Avant de répondre à vos questions, je souhaite rapidement replacer ce projet de loi dans le cadre plus large de la politique du Gouvernement en faveur de la presse. La directive sur le droit d'auteur, adoptée le 15 avril dernier par les institutions européennes et qui prévoit la création d'un droit voisin pour les éditeurs et les agences de presse, est déjà en cours de transposition. Je salue la proposition de loi de transposition adoptée à l'unanimité en première lecture au Sénat à l'initiative de David Assouline. Le texte sera examiné en séance publique à l'Assemblée nationale dans deux jours. Nous serons donc le premier pays européen à procéder à la transposition de cette directive, ce qui permettra aux éditeurs et agences de presse de bénéficier enfin de revenus pour l'exploitation de leurs articles par les plateformes numériques.
Par ailleurs, les principaux éditeurs de la presse d'information politique et générale ont présenté à Bruno Le Maire et à moi-même un plan de filière afin de mieux accompagner la modernisation du secteur. Ce plan est en cours d'instruction par nos services et viendra utilement alimenter nos réflexions.
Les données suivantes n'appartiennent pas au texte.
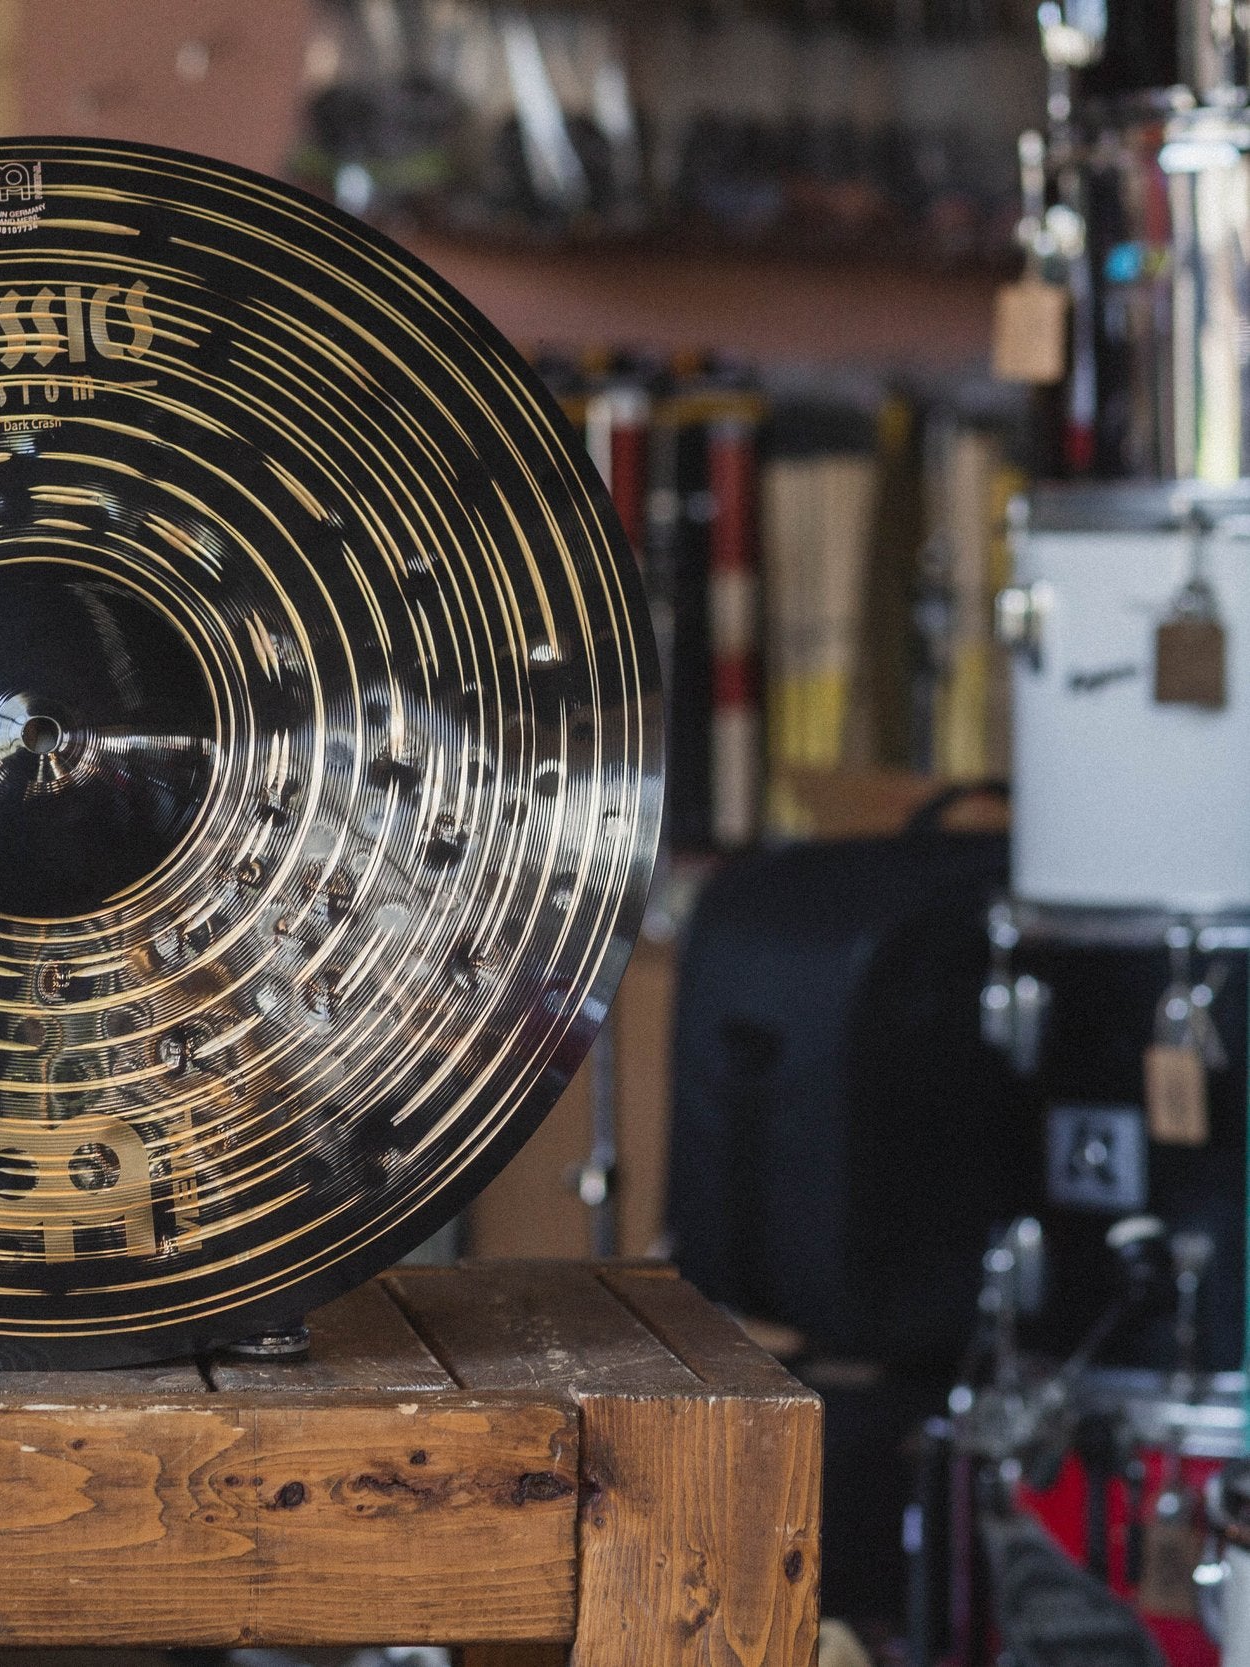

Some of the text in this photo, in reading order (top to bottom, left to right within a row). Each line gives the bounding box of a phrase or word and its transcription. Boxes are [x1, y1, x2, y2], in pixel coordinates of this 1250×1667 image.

[0, 210, 8, 218] IN
[9, 203, 46, 217] GERMANY
[4, 419, 30, 432] Dark
[31, 418, 62, 430] Crash
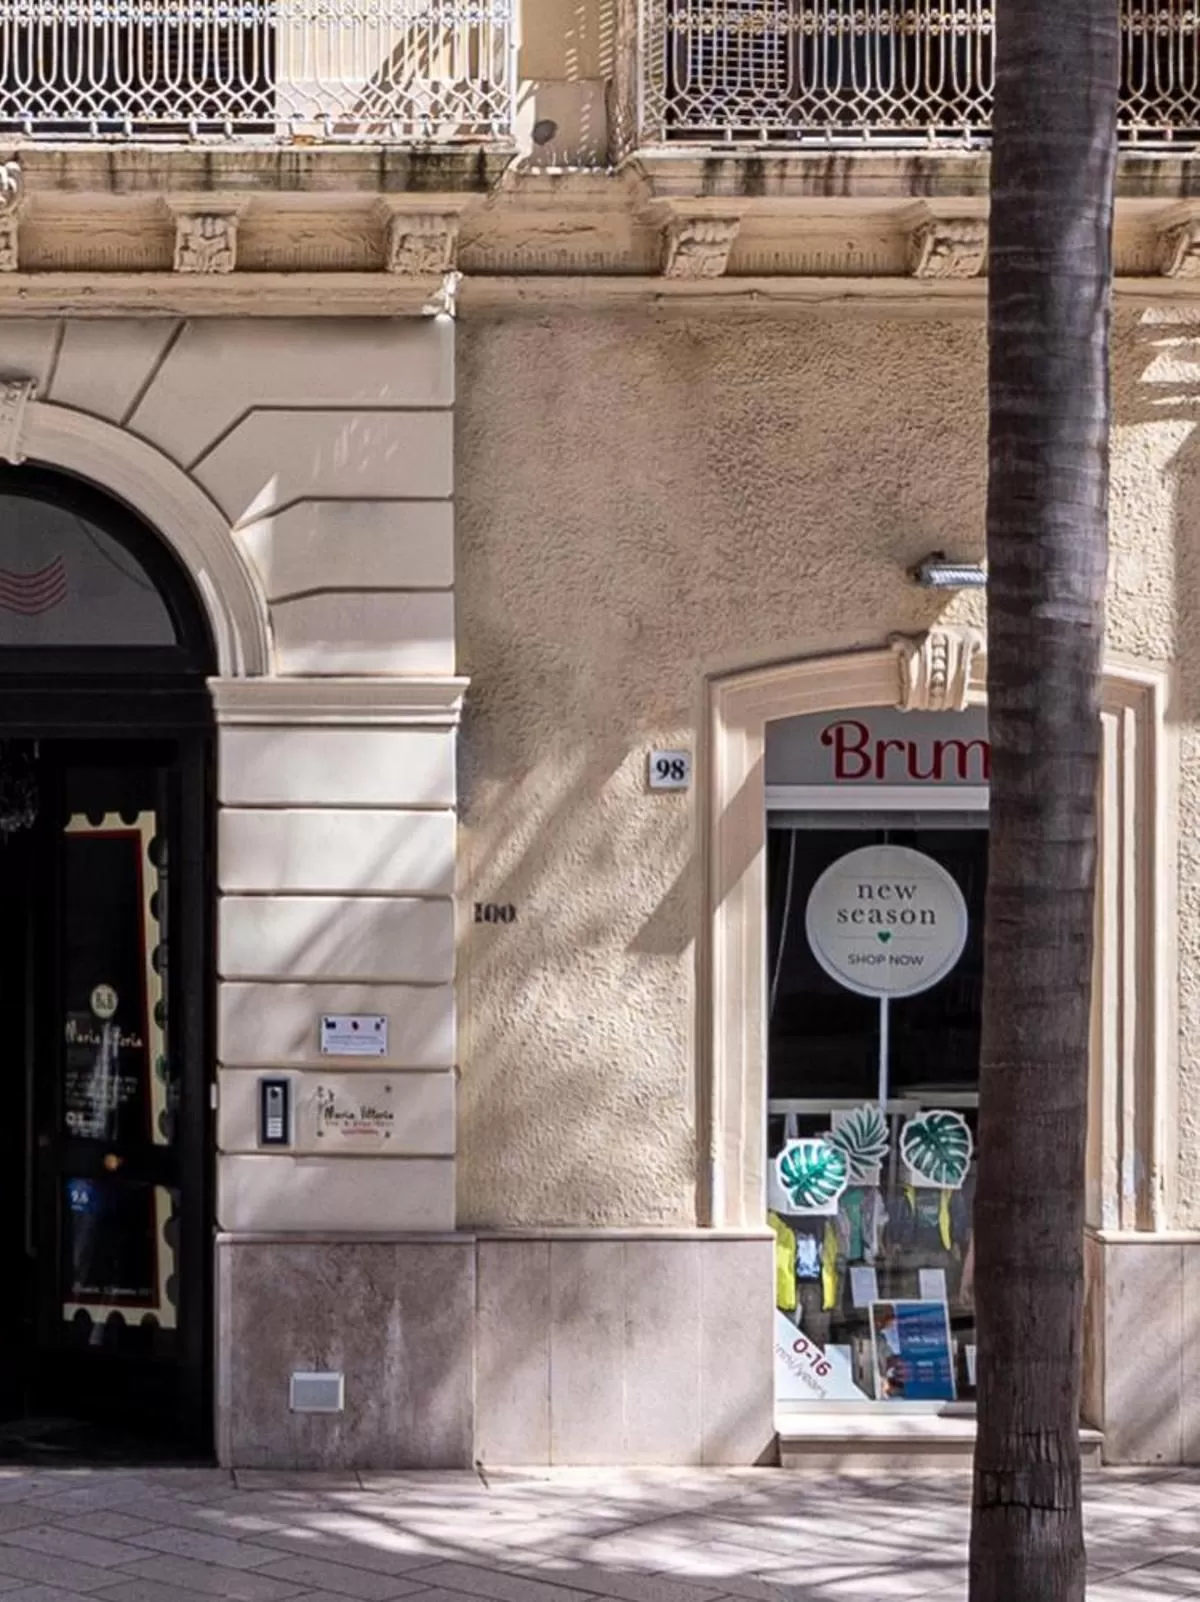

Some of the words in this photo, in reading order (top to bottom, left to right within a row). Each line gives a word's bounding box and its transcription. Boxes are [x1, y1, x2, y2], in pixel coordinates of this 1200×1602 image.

[820, 720, 992, 780] Brum
[656, 758, 685, 781] 98
[857, 883, 917, 900] new
[474, 902, 516, 924] 100
[837, 908, 936, 925] season
[847, 953, 886, 965] SHOP
[889, 953, 924, 966] NOW
Enfin, le soutien du Gouvernement à la presse repose en grande partie sur un système d'aides, adapté aux différents enjeux - aides à la distribution physique, au pluralisme pour les titres à faibles ressources publicitaires, mais également à la modernisation des titres, à l'émergence de nouveaux titres et aux médias de proximité. Il s'agit là d'une politique publique essentielle pour assurer la vitalité de notre débat démocratique et l'accès de nos concitoyens à une information fiable et diversifiée.
Je remercie de nouveau tous les acteurs de la filière pour leur engagement et leur contribution directe ou indirecte à ce projet de loi, qui s'appuie sur les acquis de la loi Bichet pour construire l'avenir. C'est l'avenir du secteur que nous écrivons aujourd'hui et, avec lui, une nouvelle page de l'histoire de la presse écrite. Le Gouvernement sera bien entendu ouvert à tous les amendements qui pourraient venir encore améliorer le texte qui vous est présenté.